16. According to counsel, in the event the court disregards the Plaintiff’s report annexed on the application dated October 1, 2021 and proceeds to assess the sum using the Defendant’s Valuation report dated November 16, 2016, the court should note that the Defendant’s valuation report of 2016 valued the disputed property at a current open market value of Kshs 350,000,000 and therefore, if the Defendant demands payment of rent/mesne profits using the current value, the court should justly consider Kshs 1,500,000/= and assess the amount demanded using the open market value which is 75% of Kshs 350,000,000 (262,500,000/=) as per the Defendant’s report.
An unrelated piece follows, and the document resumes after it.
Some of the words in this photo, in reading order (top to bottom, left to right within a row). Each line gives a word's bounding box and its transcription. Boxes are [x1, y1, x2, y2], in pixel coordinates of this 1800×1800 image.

17. The Defendant’s counsel submitted that the question before the Court was the assessment of mesne profits due to the Defendant in line with his counter-claim; that mesne profits as defined in Section 2 of the Civil Procedure Act relates to the damages and compensation recoverable from a person who has been in wrongful possession of immovable property and that in the present case, the fact that the Plaintiff is in possession of the suit property is not disputed.
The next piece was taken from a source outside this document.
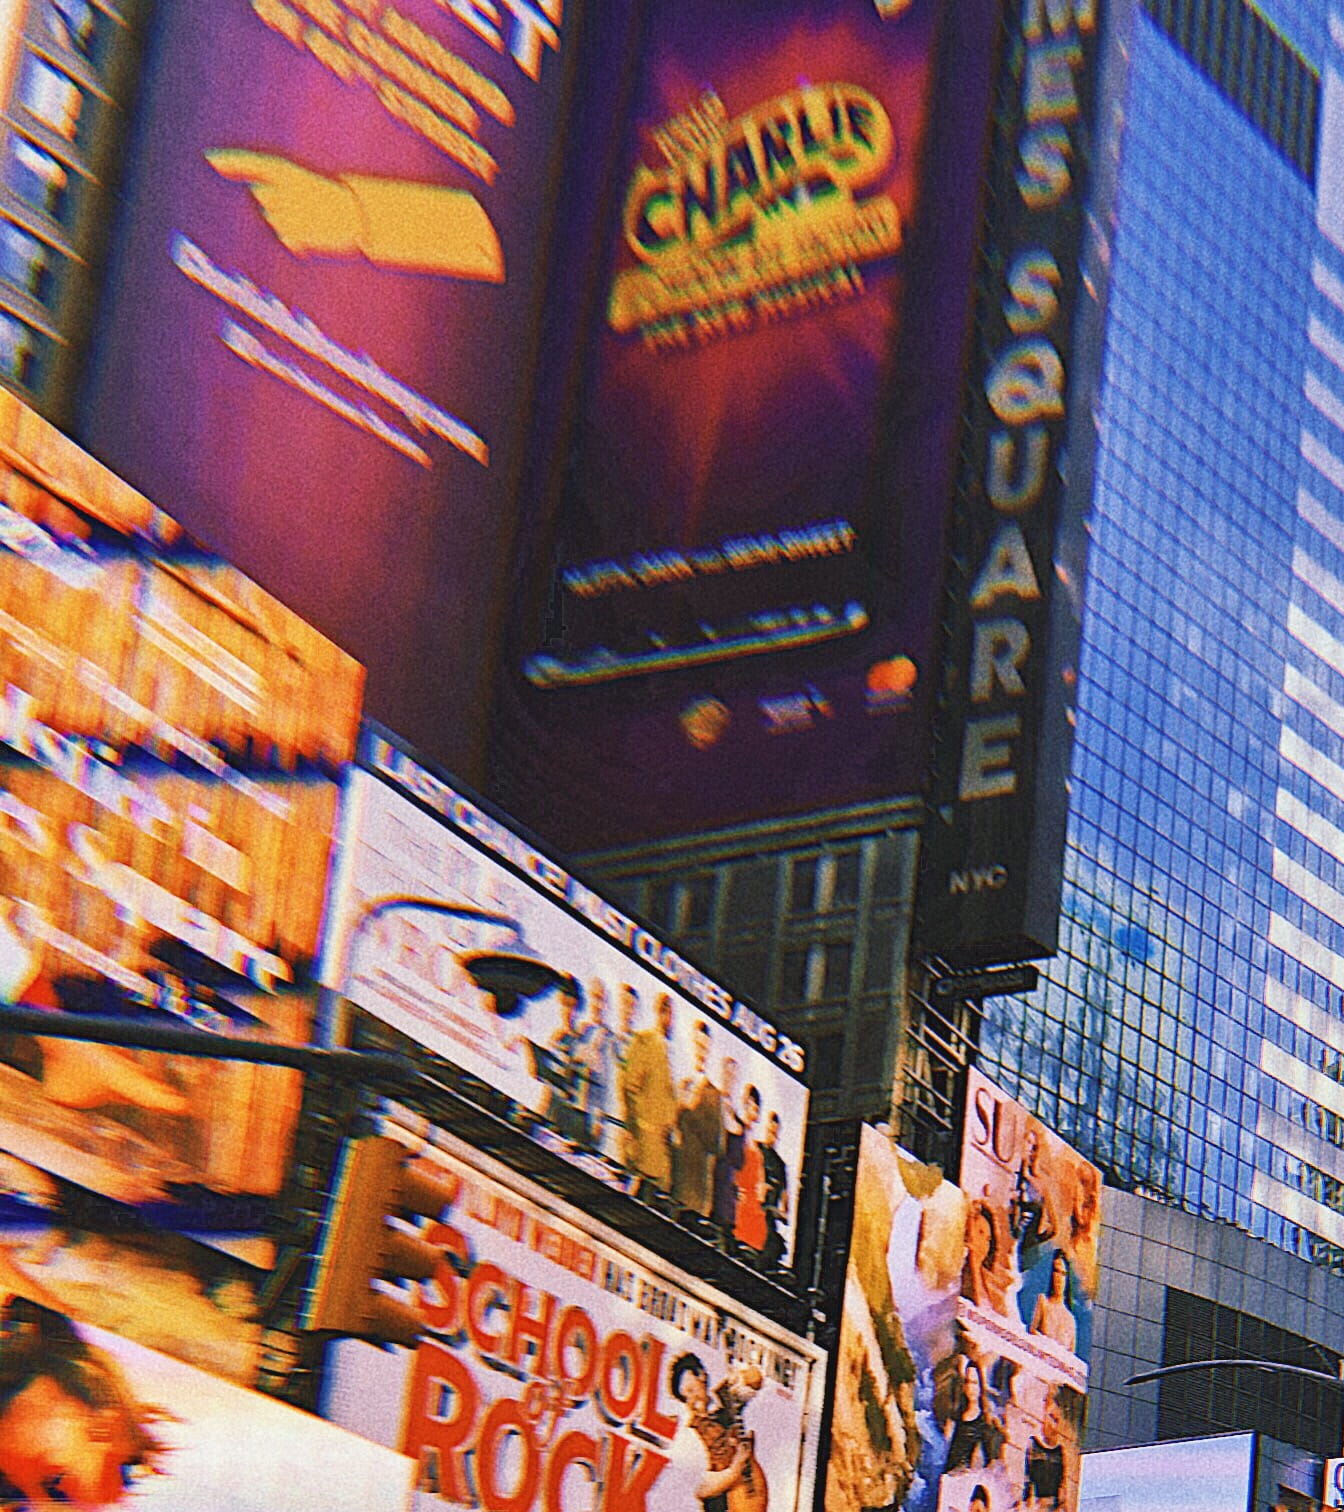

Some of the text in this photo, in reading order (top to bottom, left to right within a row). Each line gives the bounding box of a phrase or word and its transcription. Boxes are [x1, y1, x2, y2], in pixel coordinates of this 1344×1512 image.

[958, 248, 1066, 802] SQUARE
[732, 1001, 777, 1053] AUG
[414, 1222, 680, 1442] SCHOOL
18. It was submitted by the Defendant’s counsel that the fact of unlawful occupation of the land by the Plaintiff was affirmed by the Court of Appeal and the Defendant has through its evidence clearly established his entitlement to the mesne profits.

19. Reliance was placed on the cases of Rajan Shah T/A Rajan Shah and Partners v Bipin B Shah[2016]eKLR and Attorney General v Halal Meat Products Limited[2016]eKLR which affirmed that mesne profits are an entitlement to a party wrongfully deprived of its property. It was submitted that as expressed by the court in Mistry Valji v Janendra Raichand & 2 Others, the proper measure of mesne profits is to assess up to the date when possession is given.

20. It was submitted that the valuation report adduced provided a comparative market study of rents charged for similar properties within the same area and that the methodology used was a comparative method to arrive at market value for the subject matter and the income approach to obtain annual equivalents of the property over the years by using market values adopted by the comparative method.

Analysis & Determination 21. Having considered the pleadings and submissions by counsel, the sole issue that arises for determination is;What is the amount of damages/mesne profits due to the Defendant

22. In its Judgment of November 8, 2019, the Court of Appeal remitted this matter to this court with the following directives:“In exercise of our powers under rule 13 of the Rules of this court, we remit this natter to the Environment and Land Court for an assessment of the rent/mesne profits/damages the appellant (Defendant) is entitled to only, while taking into account the sum of Kshs 1,500,000 paid towards the abortive purchase of the suit premises.”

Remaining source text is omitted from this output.